Figue tout juste mûre (début véraison + 3 jours) ; figue mûre à point (début véraison + 4 jours) ; figue très mûre (début véraison + 5 / 6  jours) ; figue en début de surmaturité (début véraison + 7 jours) ; figue en surmaturité (début véraison + 8 jours et plus).

Remarque : il s'agit de paramètres constatés pour la variété bifère 'Grise de la Saint-Jean' sur des figues témoins examinées quotidiennement. Pour la variété unifère 'Bellone', le suivi des figues témoins montre que le délai pour atteindre le stade de figue tout juste mûre est plus long d'un jour (soit début véraison + 4 jours), ce qui décale d'autant les autres délais-paramètres.

Paramètres considérés pour la larve.

Incubation des oeufs (3 jours en été) ; larve complètement développée, quittant la figue ou proche de le faire (longueur 7 mm, rarement 8 mm et durée de vie dans la figue de 6 à 7 jours en été) ; larve à la naissance (longueur un peu inférieure à 1 mm) ; accroissement de longueur de la larve : 1 mm par jour (déduit du passage de 1 mm à 7 ou 8 mm en 6 à 7 jours), à ajouter à la longueur de 1 mm à la naissance.

 

EXEMPLES D'APPLICATION

(avec paramètres pour variété 'Grise de la Saint-Jean')
 

Exemple 1

Cas d'une figue mûre à point sans trous de sortie de larve et contenant une larve longue de 7 mm.
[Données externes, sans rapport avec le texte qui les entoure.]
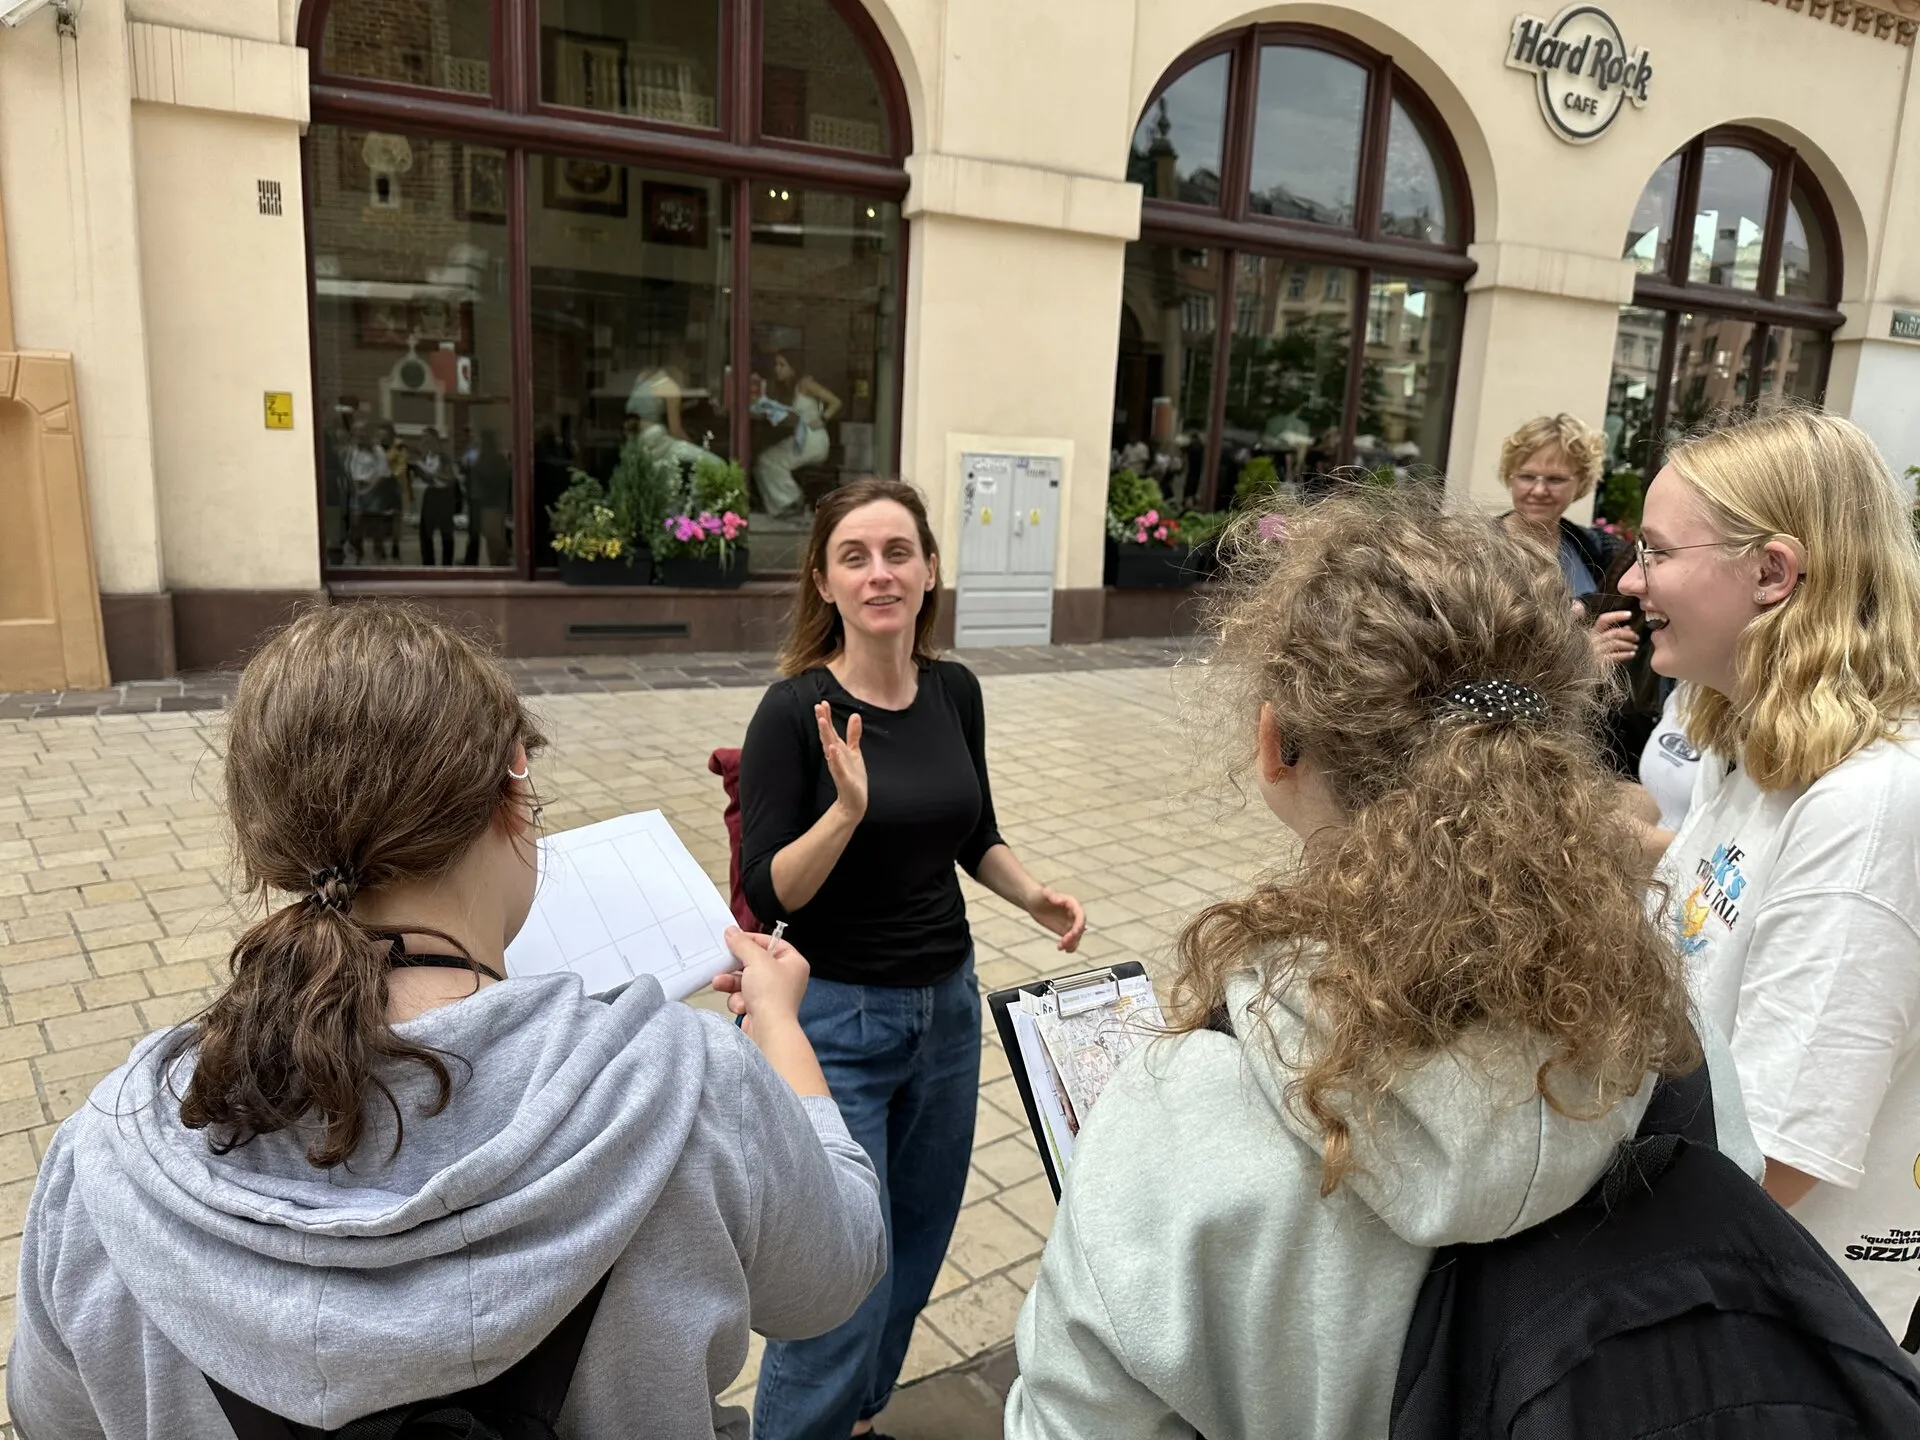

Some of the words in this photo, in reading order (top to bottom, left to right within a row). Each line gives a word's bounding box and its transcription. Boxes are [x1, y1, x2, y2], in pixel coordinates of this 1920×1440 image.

Je peux déduire que la figue a quitté le stade immature 4 jours auparavant et que la ponte a eu lieu 9 jours auparavant (6 jours de durée de vie de la larve et 3 jours d'incubation des oeufs). Donc que la figue mûre a été attaquée au stade immature.
 

Exemple 2 

Cas d'une figue tout juste mûre sans trous de sortie de larve et contenant une larve longue de 3 mm.

Je peux déduire que la figue a quitté le stade immature 3 jours auparavant et que la ponte a eu lieu 5 jours auparavant (2 jours de durée de vie de la larve et 3 jours d'incubation des oeufs). Donc que la figue mûre a été attaquée au stade immature.
 

Exemple 3

Cas d'une figue à surmaturité sans trous de sortie de larves et contenant une larve longue de 2 mm.
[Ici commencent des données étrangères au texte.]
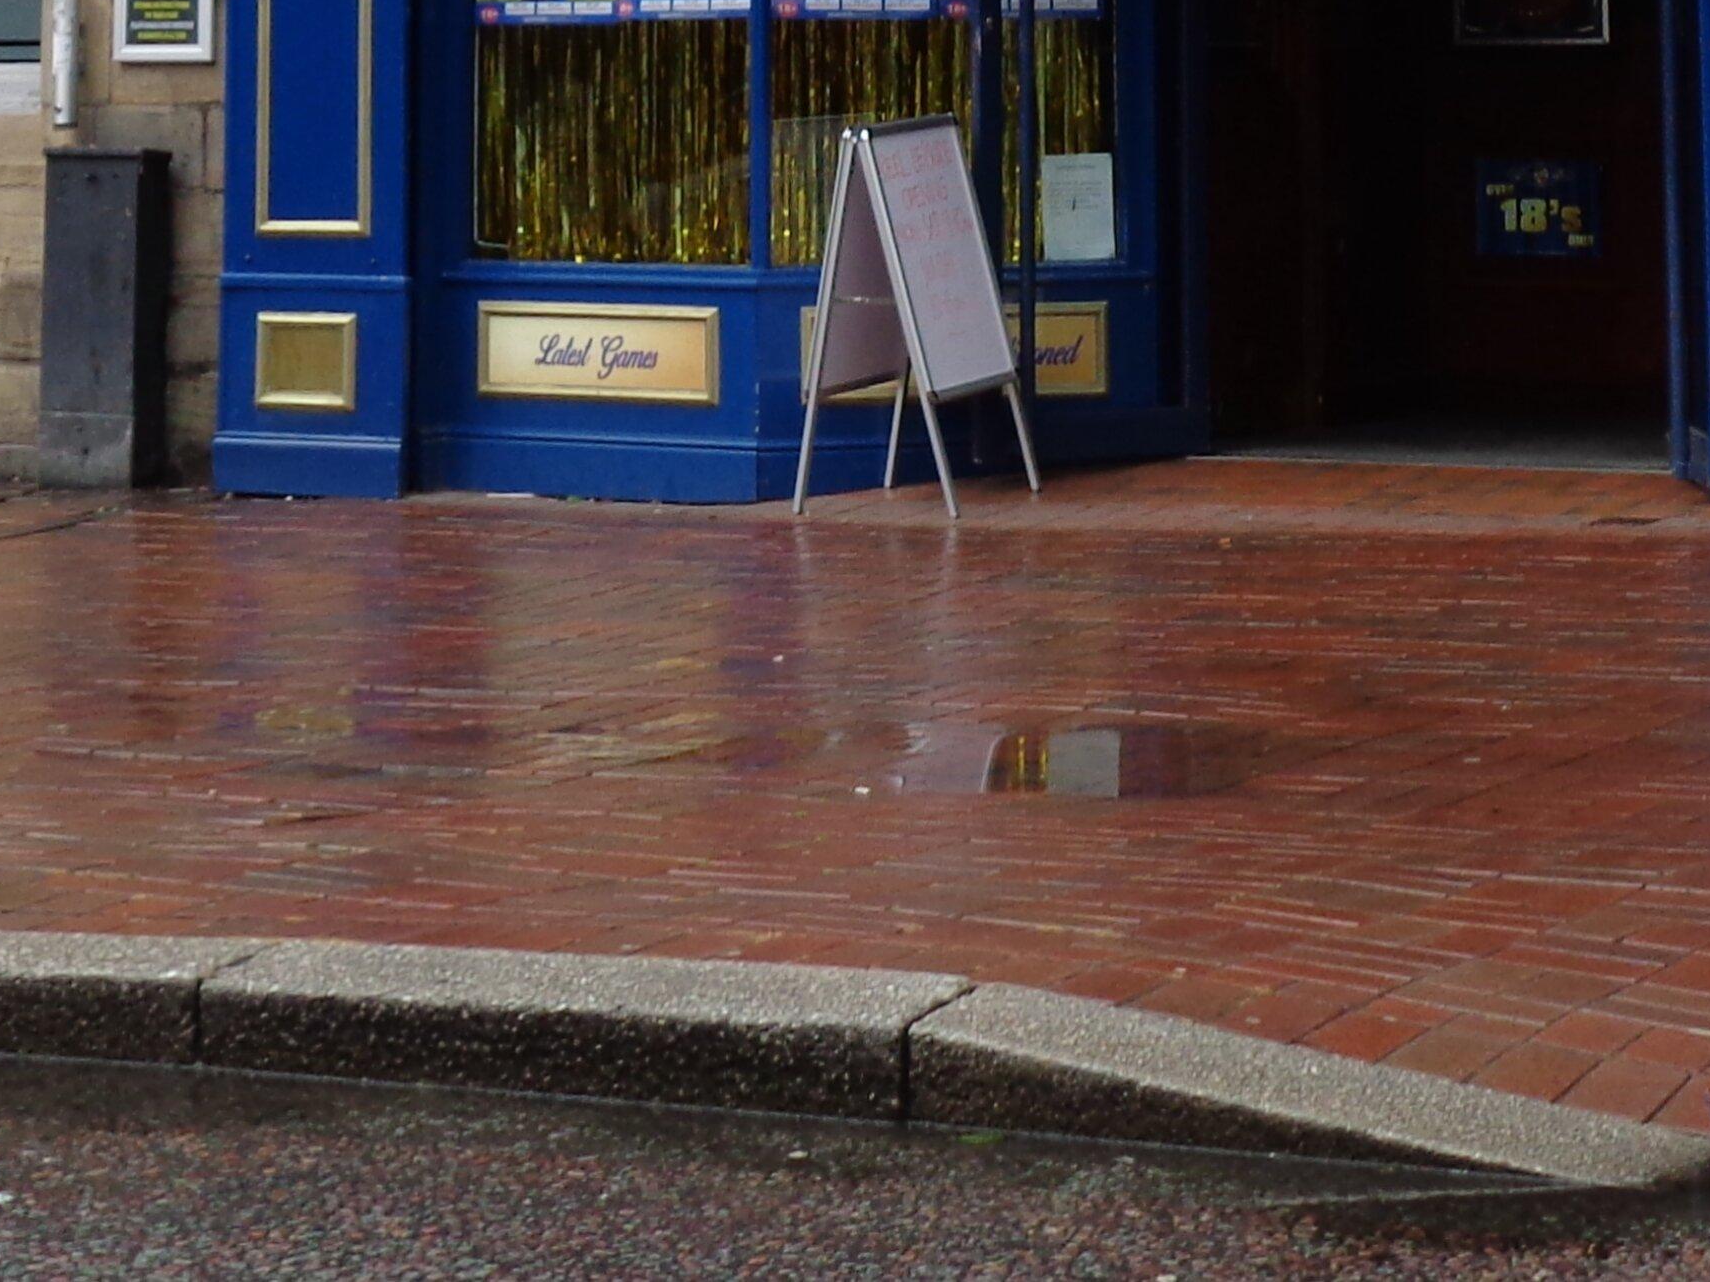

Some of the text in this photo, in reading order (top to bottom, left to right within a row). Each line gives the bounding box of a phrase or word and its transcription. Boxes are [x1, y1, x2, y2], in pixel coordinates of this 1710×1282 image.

[1499, 197, 1585, 234] 18's
[534, 333, 659, 380] Latest Games
Je n'ai jamais rencontré ce cas et je ne le cite qu'à titre pédagogique.

S'il advenait, on pourrait déduire que la figue a quitté le stade immature 8 jours auparavant et que la ponte a eu lieu 4 jours auparavant (1 jour de durée de vie de la larve et 3 jours d'incubation des oeufs). Donc que la figue a été attaquée lorsqu'elle était à maturité ; plus précisément alors qu'elle avait dépassé le début de la véraison depuis 4 jours, donc qu'elle était mûre à point.

Dans un tel cas, un test d'émergence s'imposerait pour vérifier qu'il ne s'agit pas d'une larve de cératite (mouche méditerranéenne des fruits ; Ceratitis capitata Wiedemann).

En outre, s'agissant d'une figue à surmaturité et compte tenu de la longueur de 2 mm de la larve, il faudrait aussi éliminer l'hypothèse d'une larve de Drosophila suzukii Matsumura (test d'émergence ou photographie en très gros plan pour examiner la partie terminale de l'abdomen).